While India has a robust crude oil refining and natural gas processing capacity, it regularly imports finished products. These largely include Liquefied Petroleum Gas (LPG), Liquefied Natural Gas (LNG), Petcoke, and Fuel oil. While LPG is used for cooking gas, the others find uses across industries from meeting heating requirement, to power generation, and running ships. Such finished products require minimal further processing and are sought by end-use industries.
The country imported 62.48 million tonnes (mt) of petroleum products in 2019-20 and 62.88 mt in 2020-21. LNG imports stood at around 23 mt in both years.
On the whole, there was a nine per cent fall in consumption of petroleum products as Covid-19 hit the Indian economy during 2020-21. But LPG showed a demand growth of five per cent and LNG consumption was flattish. “The trend in the share of imports is increasing in both these products in last few years,” said Debasish Mishra, Leader-Energy, Resources and Industrials for Deloitte in India.

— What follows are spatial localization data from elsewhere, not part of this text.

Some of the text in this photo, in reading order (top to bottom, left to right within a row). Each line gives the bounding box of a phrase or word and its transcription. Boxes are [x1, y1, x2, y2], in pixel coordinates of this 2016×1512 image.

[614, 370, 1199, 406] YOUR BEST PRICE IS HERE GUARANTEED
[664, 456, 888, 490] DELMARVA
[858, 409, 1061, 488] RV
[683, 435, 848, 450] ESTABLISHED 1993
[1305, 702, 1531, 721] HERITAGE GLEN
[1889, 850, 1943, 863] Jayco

The value of LNG imports to India was approximately Rs 57,661 crore during April 2020 to February 2021. This stood at Rs 65,264 crore during the same period of 2019-20. But this lower import was despite LNG imports rising. This means industries such as those in power generation and making fertilisers were able to get cheaper feedstock.

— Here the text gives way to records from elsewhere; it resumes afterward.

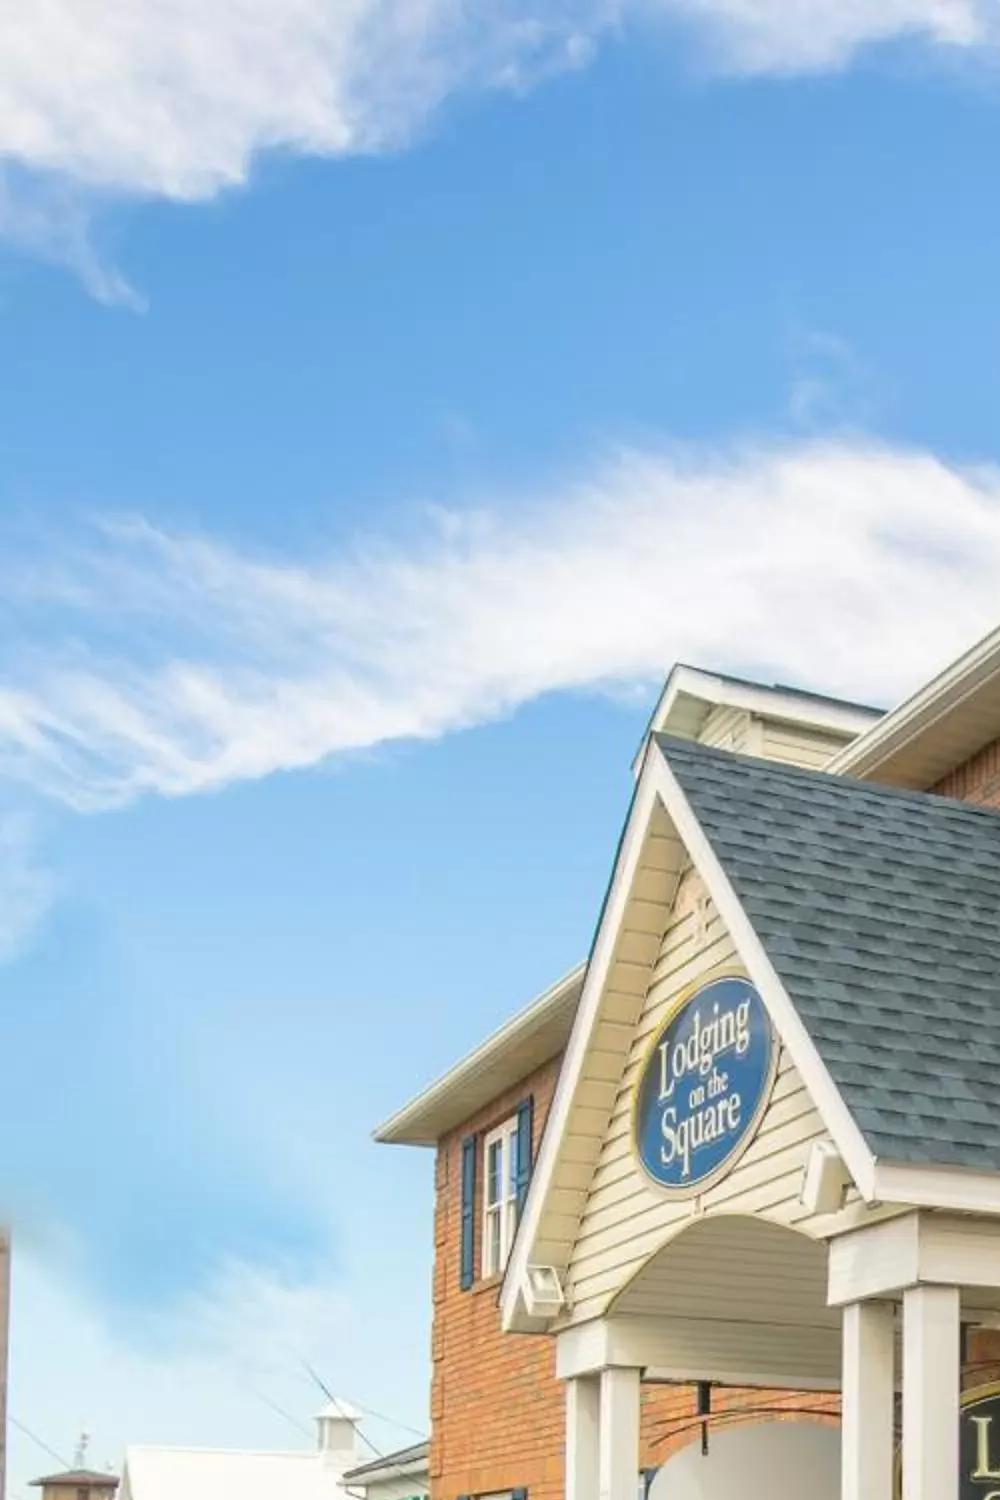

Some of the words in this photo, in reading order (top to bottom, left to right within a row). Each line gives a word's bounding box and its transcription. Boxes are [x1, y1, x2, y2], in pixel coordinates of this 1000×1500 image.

[658, 998, 750, 1100] Lodging
[689, 1087, 705, 1109] on
[707, 1067, 729, 1099] the
[661, 1092, 741, 1177] Square
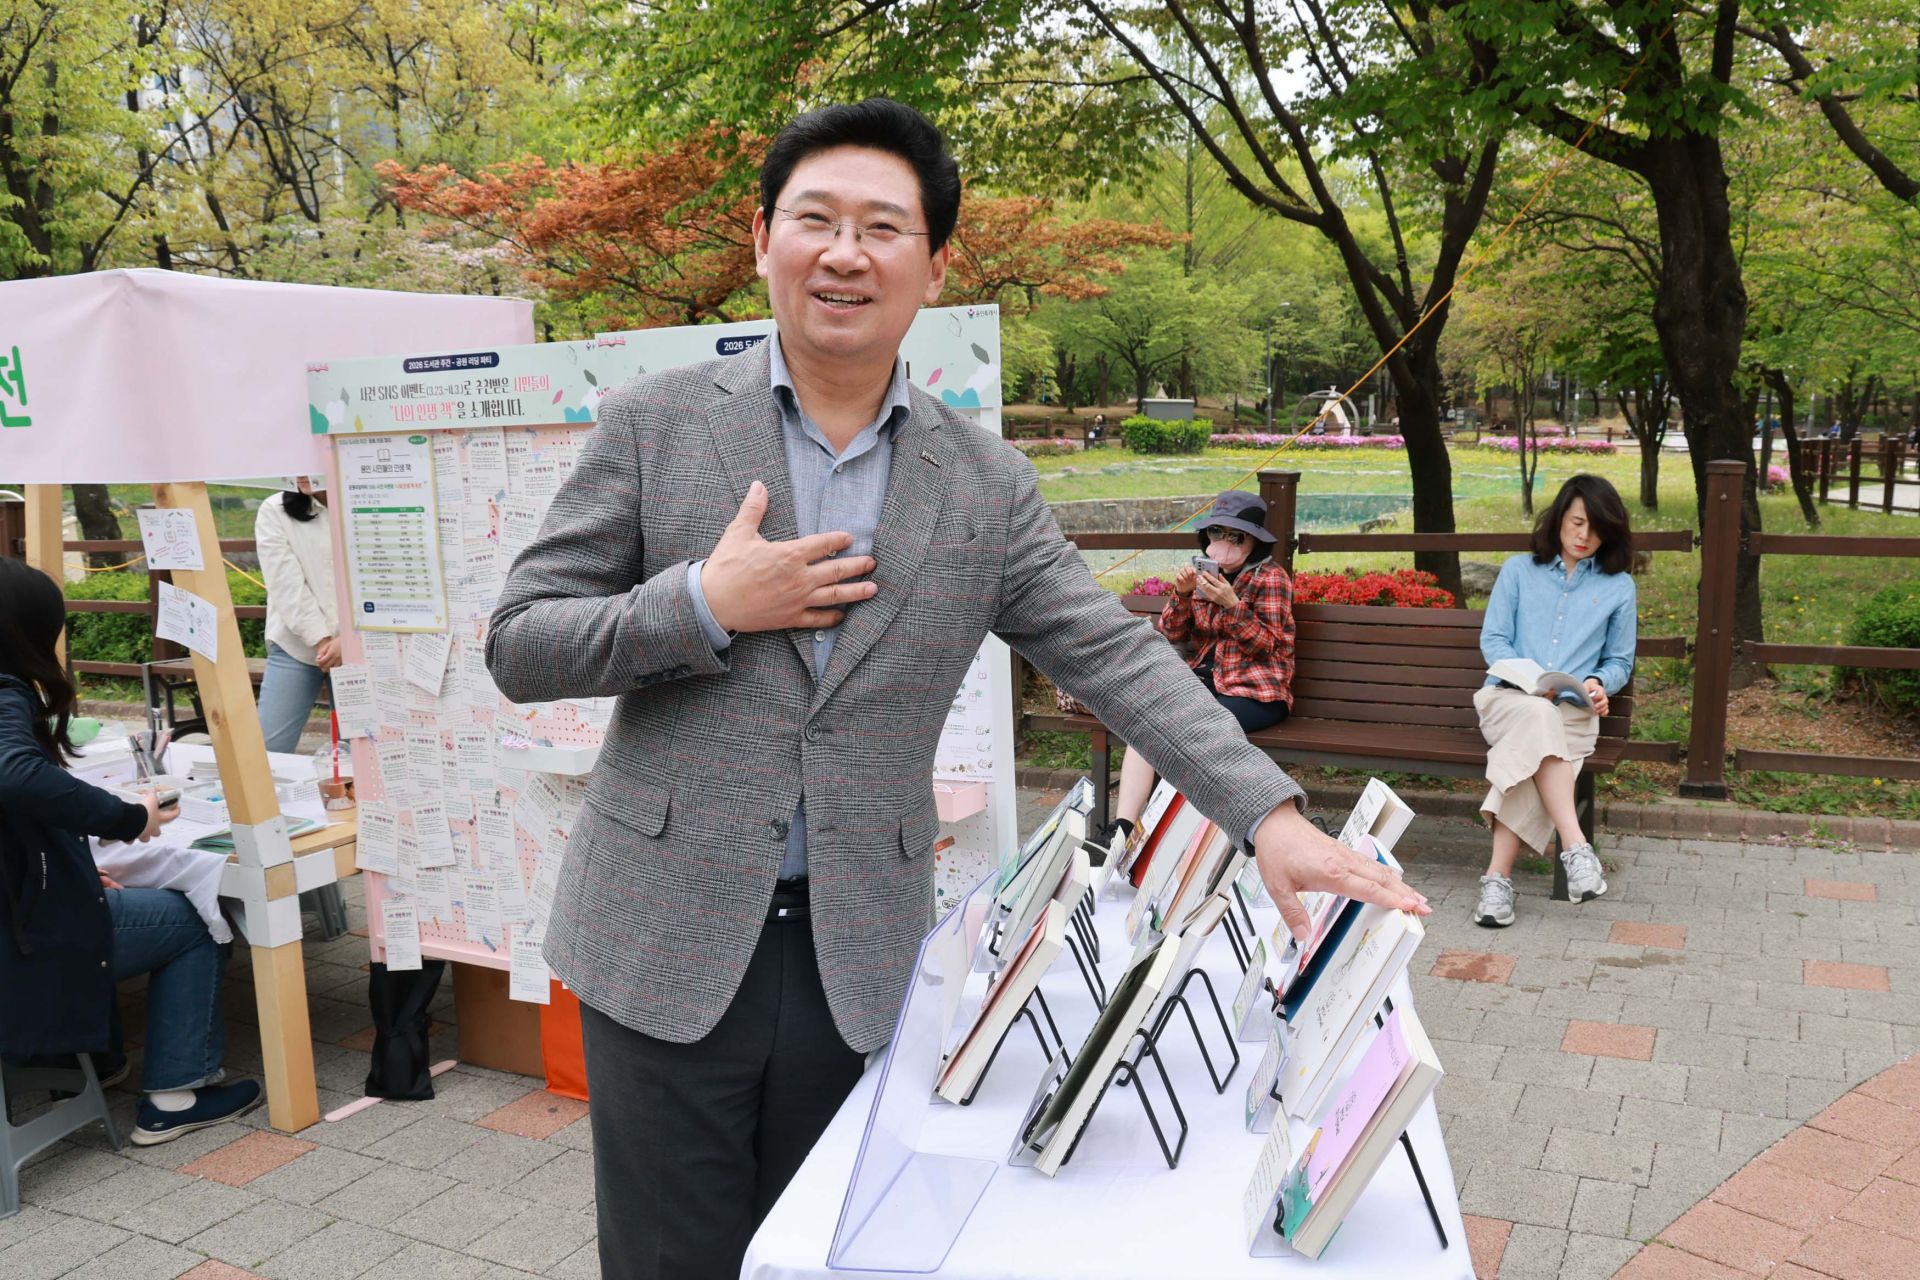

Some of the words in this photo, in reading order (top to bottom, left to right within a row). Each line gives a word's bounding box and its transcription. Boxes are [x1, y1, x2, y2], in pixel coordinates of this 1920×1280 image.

[724, 341, 743, 351] 2026
[408, 361, 423, 370] 2026
[424, 359, 439, 368] 도서관
[441, 358, 451, 367] 주간
[456, 357, 467, 367] 공원
[480, 355, 492, 364] 파티
[360, 386, 376, 401] 사전
[378, 384, 398, 400] SNS
[475, 376, 509, 395] 추천받은
[513, 374, 549, 393] 시민들이
[416, 402, 437, 421] 인생
[470, 398, 525, 418] 소개합니다.

“LPG import has grown by 11.6 per cent year-on-year during the 11M FY2021 in volumes terms owing to provision of free cylinders and greater coverage under the Pradhan Mantri Ujjwala Yojana (PMUY) scheme. However, the import bill on account of LPG has remained stable due to the lower average crude oil prices,” said Prashant Vasisht, Vice President and Co-Head, Corporate Ratings at Icra.
“Another reason for greater consumption is preference for at home dining, but mostly it would be free cylinders and PMUY,” Vasisht added.
Pointing out that crude oil and prices linked to it will remain soft, Mishra said, “India’s LNG contracts are predominantly crude-linked. Even LPG is driven by the benchmark set by Saudi, which has a high degree of correlation with crude prices. As such crude price seems to have stabilised with a downward bias given the increased supply from OPEC and resurgent Covid wave might moderate global consumption.”
Brent crude, a benchmark for most crude oil traded in the world, was trading at $65.80 a barrel on Thursday, down from $67.05 earlier this week. The softening of prices is because a strong second wave of Covid-19 threatening further demand destruction or a more modest recovery in 2021-22.
But Vasisht says India’s LPG demand should remain buoyant as the Union Budget has envisaged PMUY to be extended to cover an additional 10 million beneficiaries. The next phase is expected to kick off in May, as the assembly elections in key states conclude.